Au terme de ce projet en 2020, le chercheur s’accorde un congé sabbatique en Autriche, qui coïncide avec le confinement conséquent à la pandémie de Covid-19. Face au bilan mitigé de sa première année, il décide de prolonger son séjour. Il passe finalement deux ans entre les universités techniques de Vienne et de Graz, à explorer entre deux équipes complémentaires des approches moléculaires et biomécaniques. Un entracte décisif en matière de collaborations, mais aussi ressourçant. « Lorsqu’on fait de la recherche, il est toujours très bénéfique de sortir de son quotidien pour y revenir avec de nouvelles idées », assure le chercheur.

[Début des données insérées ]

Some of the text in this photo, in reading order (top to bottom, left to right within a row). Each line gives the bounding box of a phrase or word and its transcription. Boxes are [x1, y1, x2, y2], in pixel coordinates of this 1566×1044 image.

Preuve à l’appui, Stéphane Avril obtient à son retour une seconde bourse ERC Proof of concept pour son projet MECHANOMICS-POC. Ce financement, plus modeste (150 000 €), vient soutenir le transfert technologique d’une technique d’imagerie utilisée sur BIOLOCHANICS, la tomographie en cohérence optique (OCT), jusqu’à la création d’une start-up. L’OCT, utilisée pour observer les déformations des tissus et les forces qui s’appliquent à l’échelle des cellules, est ainsi intégrée dans une plateforme nommée KaomX. La start-up fournit des cartographies de l’élasticité autour des cellules dans les tissus : une information clé pour l’industrie pharmaceutique car les effets des médicaments dépendent de la mécanique des tissus propre à chaque individu.

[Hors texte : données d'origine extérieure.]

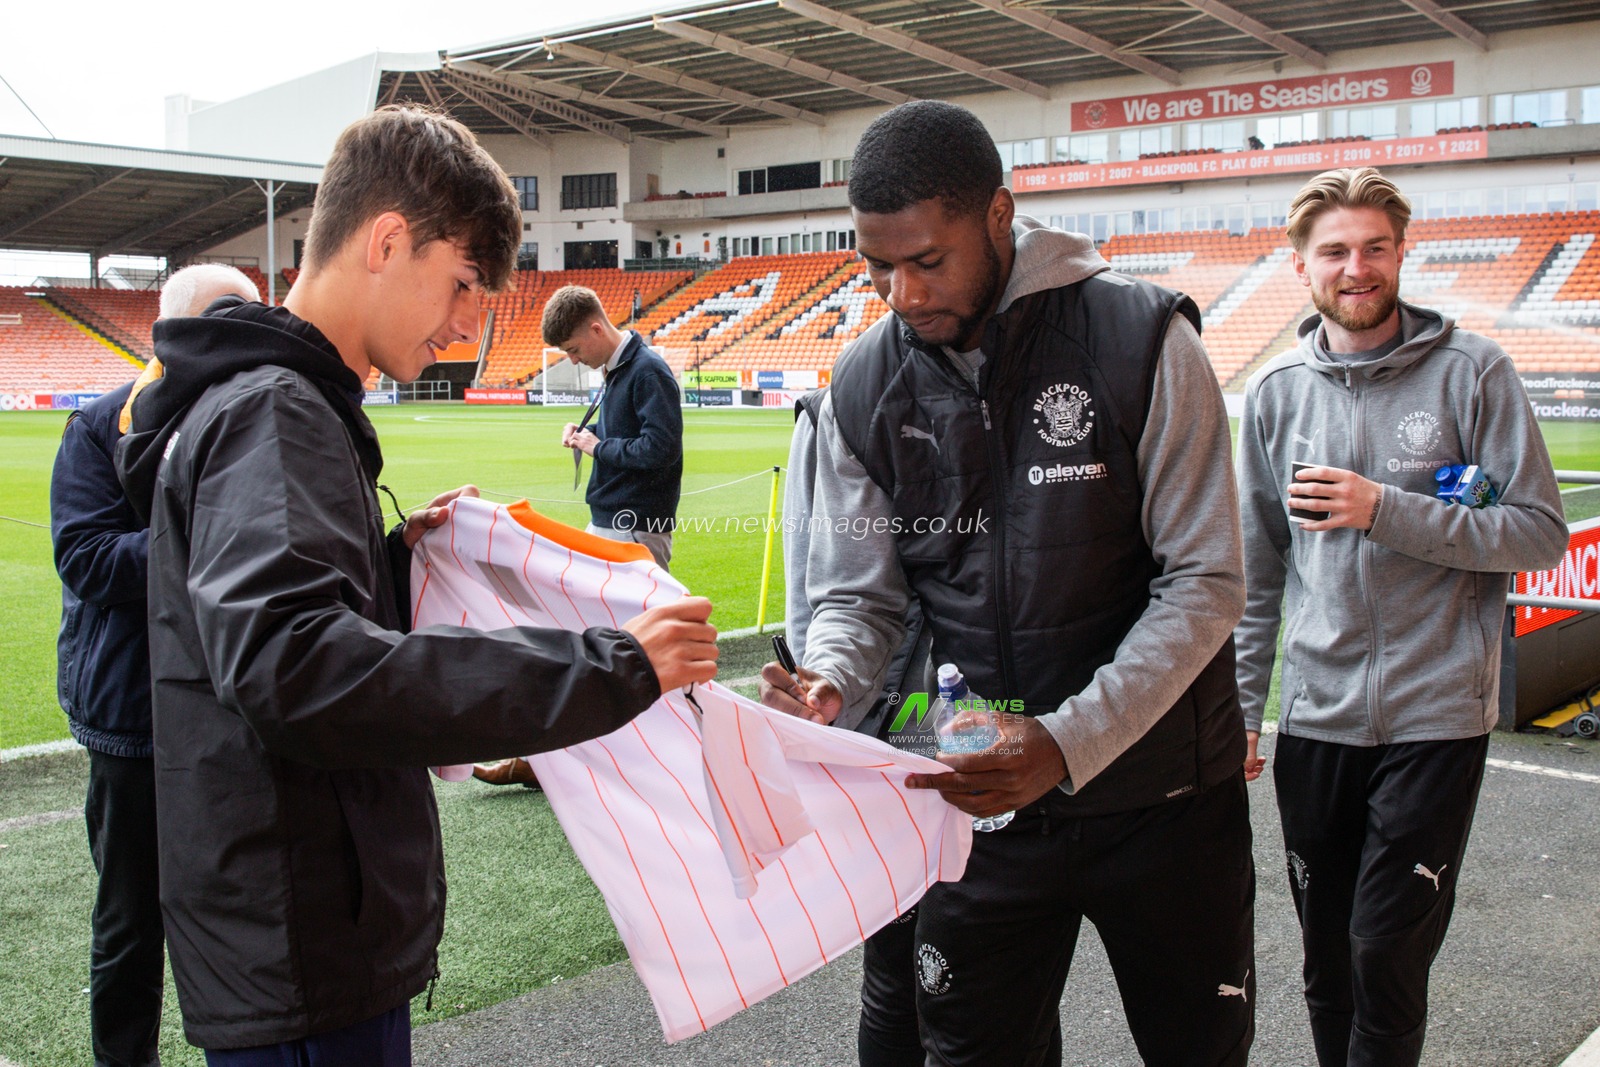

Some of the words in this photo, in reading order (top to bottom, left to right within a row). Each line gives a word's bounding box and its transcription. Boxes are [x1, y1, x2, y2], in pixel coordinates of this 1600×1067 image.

[1123, 99, 1160, 122] We
[1165, 98, 1203, 119] are
[1208, 90, 1254, 114] The
[1259, 77, 1388, 110] Seasiders
[1026, 174, 1046, 186] 1992
[1067, 171, 1090, 182] 2001
[1109, 167, 1132, 180] 2007
[1142, 162, 1200, 176] BLACKPOOL
[1222, 158, 1248, 170] PLAY
[1250, 156, 1270, 168] OFF
[1273, 152, 1322, 167] WINNERS
[1344, 148, 1371, 162] 2010
[1396, 144, 1424, 156] 2017
[1451, 140, 1480, 153] 2021
[1033, 384, 1092, 412] BLACKPOOL
[1398, 411, 1439, 430] BLACKPOOL
[1038, 429, 1076, 447] FOOTBALL
[1077, 422, 1093, 440] CLUB
[1400, 442, 1426, 456] FOOTBALL
[1045, 463, 1106, 478] eleven
[1402, 459, 1450, 469] eleven
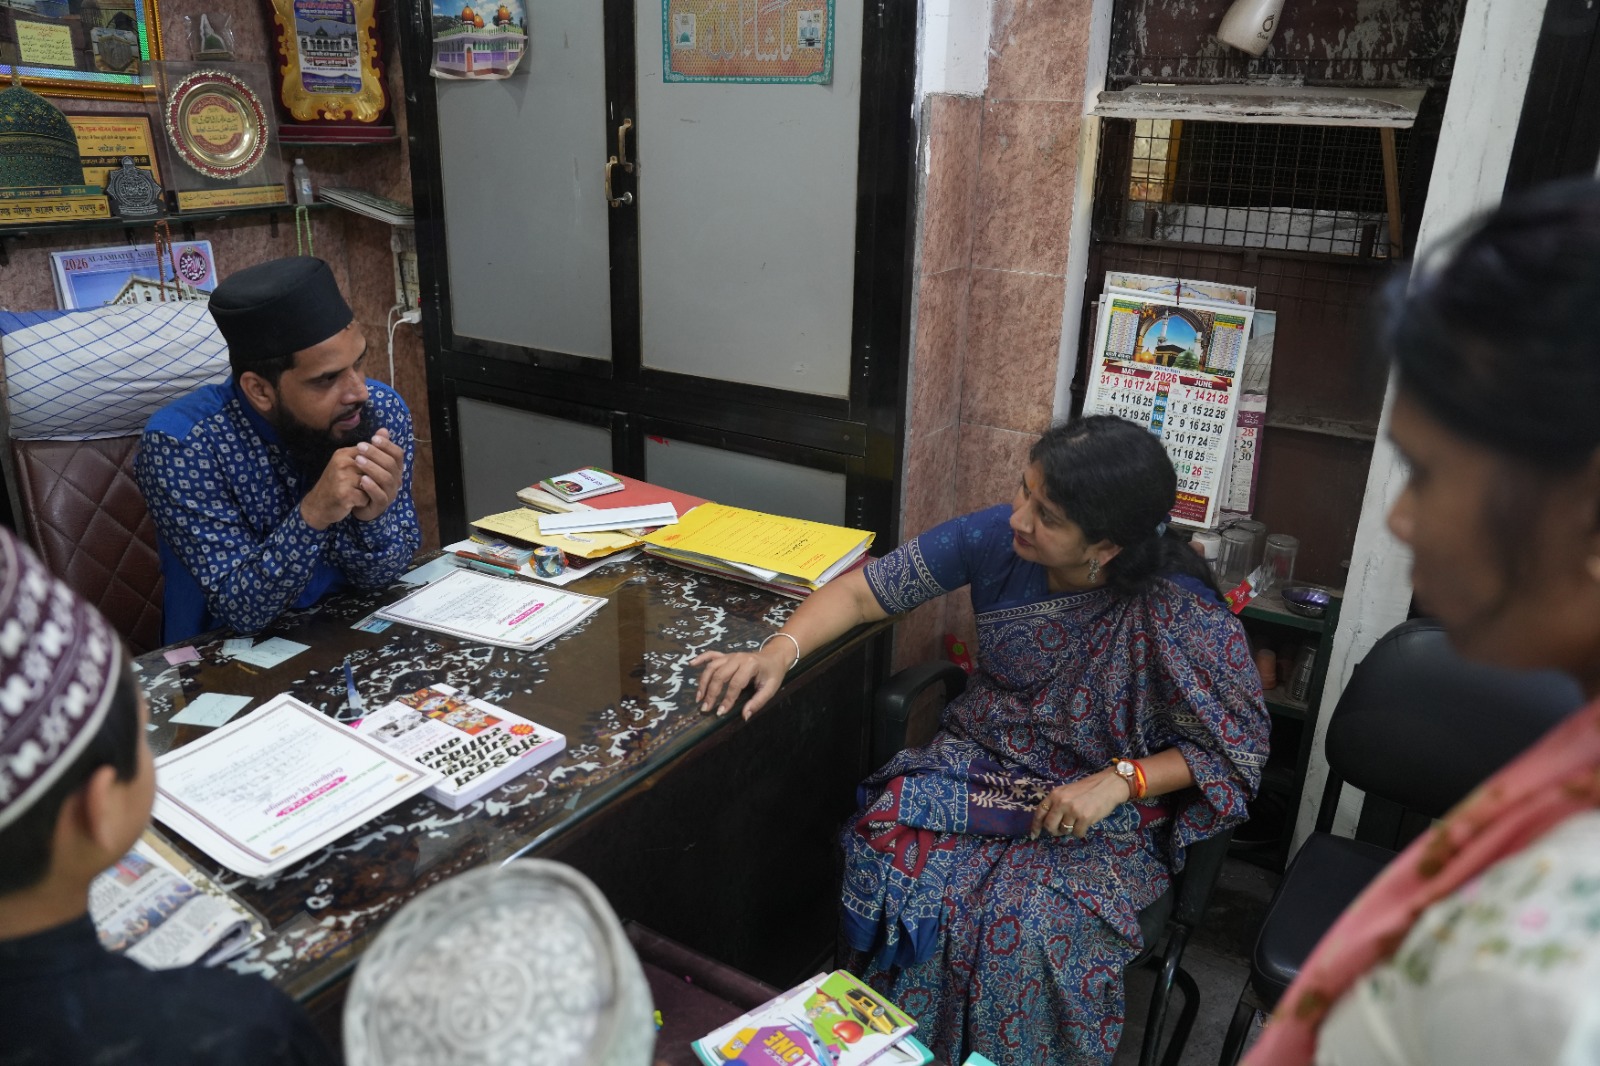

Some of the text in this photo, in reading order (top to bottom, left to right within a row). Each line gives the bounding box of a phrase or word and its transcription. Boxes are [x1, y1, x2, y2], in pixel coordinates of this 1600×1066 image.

[64, 257, 89, 271] 2026
[1121, 367, 1136, 376] MAY
[1154, 371, 1178, 383] 2026
[1100, 375, 1156, 392] 31 3 10 17 24
[1194, 380, 1213, 389] JUNE
[1111, 392, 1153, 407] 4 11 18 25
[1185, 389, 1229, 404] 7 14 21 28
[1109, 407, 1150, 421] 5 12 19 26
[1171, 402, 1226, 419] 1 8 15 22 29
[1168, 416, 1223, 434] 2 9 16 23 30
[1242, 427, 1254, 436] 28
[1165, 431, 1170, 440] 3
[1175, 433, 1185, 443] 10
[1187, 435, 1197, 445] 17
[1198, 437, 1208, 447] 24
[1240, 440, 1253, 449] 29
[1172, 447, 1205, 461] 11 18 25
[1239, 452, 1252, 461] 30
[1181, 465, 1190, 474] 19
[1191, 465, 1202, 476] 26
[1178, 479, 1199, 490] 20 27
[763, 1030, 805, 1063] ONE

Les ingrédients de l’ERC : prenez un risque, ajoutez-y une idée
Dans le flot de ses recherches, Stéphane Avril s’interroge sur le déclenchement des pathologies comme l’anévrisme, et comment les éviter. « Toutes ces maladies résultent essentiellement du vieillissement des artères et de l’usure mécanique. J’ai alors imaginé que si nous pouvions maintenir les bonnes forces sur les cellules, nous pourrions repousser les effets du vieillissement », relate-t-il. Après trois ans de maturation, le chercheur se décide à soumettre un projet révolutionnaire : empêcher le vieillissement des artères en contrôlant les forces qui s’appliquent sur les cellules. Il l’appelle JuvenTwin, un nom qui évoque la jeunesse, mais dont le chercheur ne cache pas le clin d’œil sportif, « j’aime beaucoup le foot », confie-t-il en souriant.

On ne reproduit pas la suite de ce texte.